The health of Varsovians was first analyzed on a large scale in 2004. In Warsaw, as in Poland more generally, the number of people with type 2 diabetes has been increasing significantly. One of the main challenges that arises is the fact that many individuals have very limited knowledge about the disease, and therefore cannot identify it because of the lack of early symptoms. In Warsaw, between 20 to 30% of children are overweight and present therefore a higher risk of developing type 2 diabetes in their adulthood. As a result, education has been identified as an area of focus to reduce incidence. This includes weight loss programs, teaching better eating habits, and encouraging healthier, more active lifestyles. Educational activities should be undertaken at an early age, as obesity has noticeably increased amongst preschoolers in Poland.


Warsaw is a city full of energy and busy people. Residents live there under the added pressure of social and cultural factors that lead to unhealthy lifestyles.

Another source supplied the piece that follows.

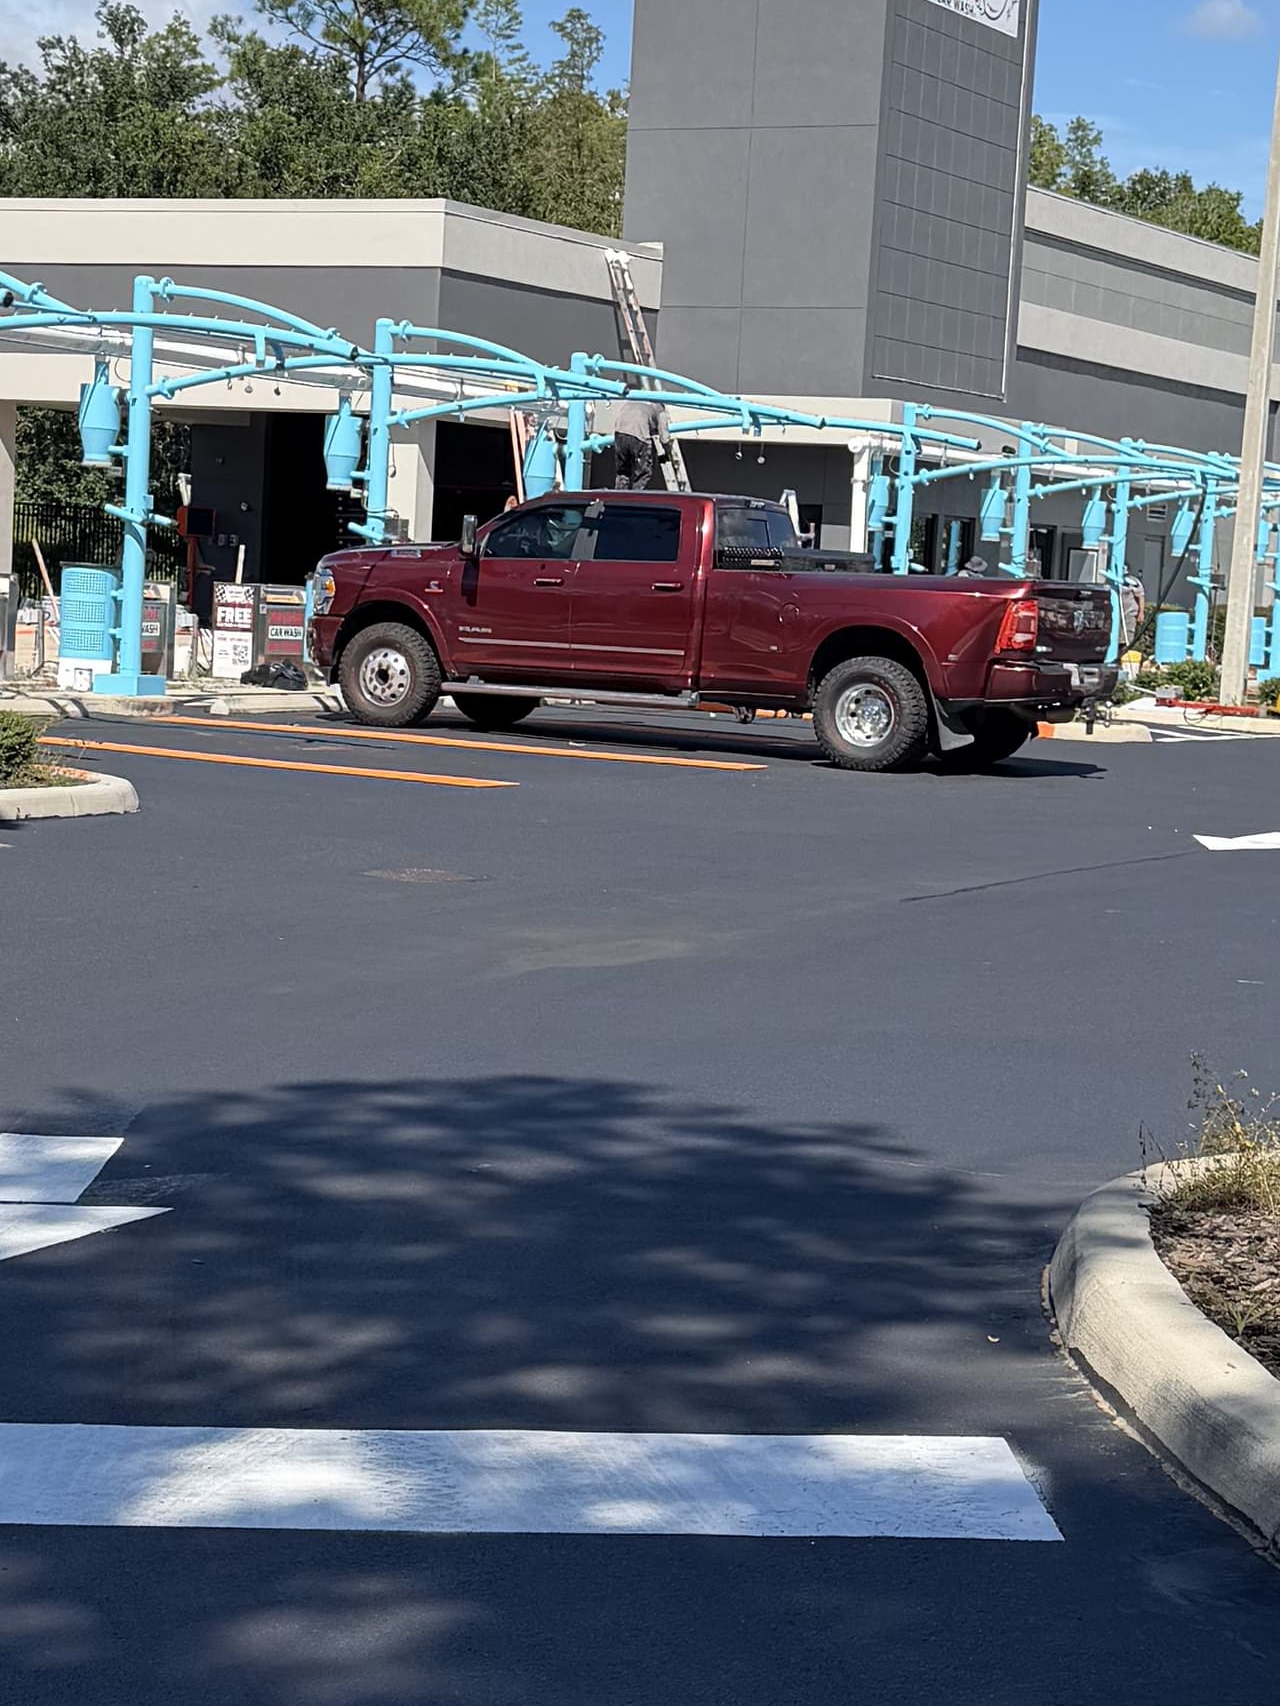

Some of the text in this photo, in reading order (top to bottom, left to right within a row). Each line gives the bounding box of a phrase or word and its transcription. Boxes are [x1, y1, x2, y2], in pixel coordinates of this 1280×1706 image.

[217, 607, 252, 624] FREE
[270, 627, 302, 638] CAR WASH

The CCD program in Warsaw will promote actions and interventions to create a healthier urban environment for its citizens as well as generate knowledge and education to support these actions. Members of the CCD Warsaw Scientific Council have signed a ‘Partnership for Healthy Cities’. This document defines the key areas of the city’s activities targeted to improve the living conditions of its residents. This includes specific priority activities focusing on the promotion of international experiences and solutions found across public-private partnerships in urban environments.